RÉPUBLIQUE FRANÇAISE
AU NOM DU PEUPLE FRANÇAIS
ARRÊT N°
N° RG 22/03942 – N° Portalis DBVH-V-B7G-IUTU
CO
JUGE DE L’EXECUTION DE CARPENTRAS
14 octobre 2022 RG :22/00316
[W]
C/
[S]
Grosse délivrée
le 28 JUIN 2023
à Me Philippe PERICCHI
Me Geoffrey RAU
COUR D’APPEL DE NÎMES
CHAMBRE CIVILE
4ème chambre commerciale
ARRÊT DU 28 JUIN 2023
Décision déférée à la Cour : Jugement du Juge de l’exécution de CARPENTRAS en date du 14 Octobre 2022, N°22/00316
COMPOSITION DE LA COUR LORS DES DÉBATS :
Madame Claire OUGIER, Conseillère, a entendu les plaidoiries en application de l’article 805 du code de procédure civile, sans opposition des avocats, et en a rendu compte à la cour lors de son délibéré.

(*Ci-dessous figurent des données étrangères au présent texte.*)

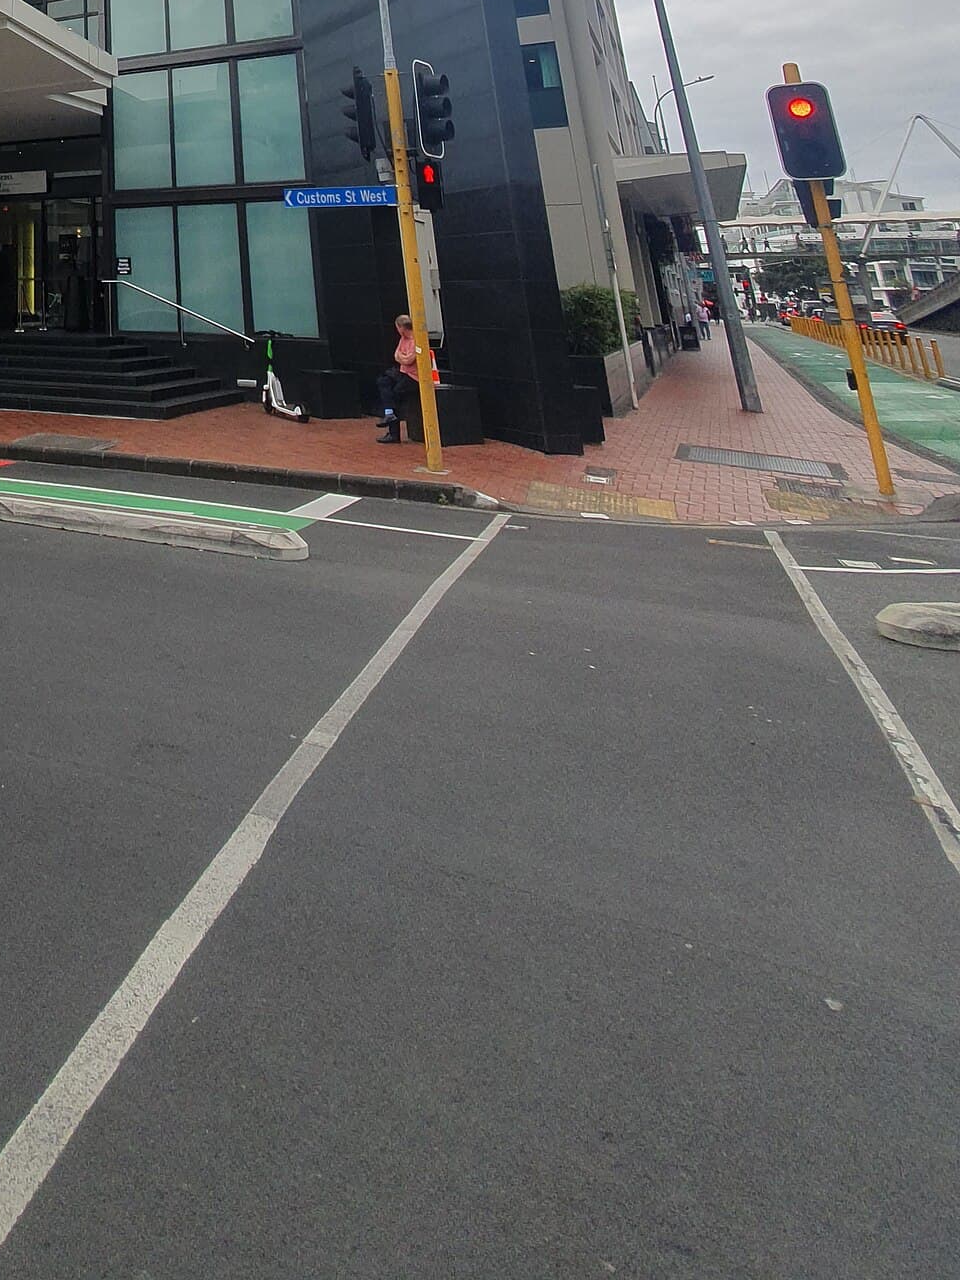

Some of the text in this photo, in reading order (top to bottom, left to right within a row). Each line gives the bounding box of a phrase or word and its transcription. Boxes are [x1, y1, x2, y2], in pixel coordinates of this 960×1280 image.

[296, 189, 387, 205] Customs St West

COMPOSITION DE LA COUR LORS DU DÉLIBÉRÉ :
Mme Christine CODOL, Présidente de Chambre
Madame Claire OUGIER, Conseillère
Madame Agnès VAREILLES, Conseillère
GREFFIER :
Madame Isabelle DELOR, Greffière, lors des débats et du prononcé de la décision
DÉBATS :
A l’audience publique du 05 Juin 2023, où l’affaire a été mise en délibéré au 28 Juin 2023.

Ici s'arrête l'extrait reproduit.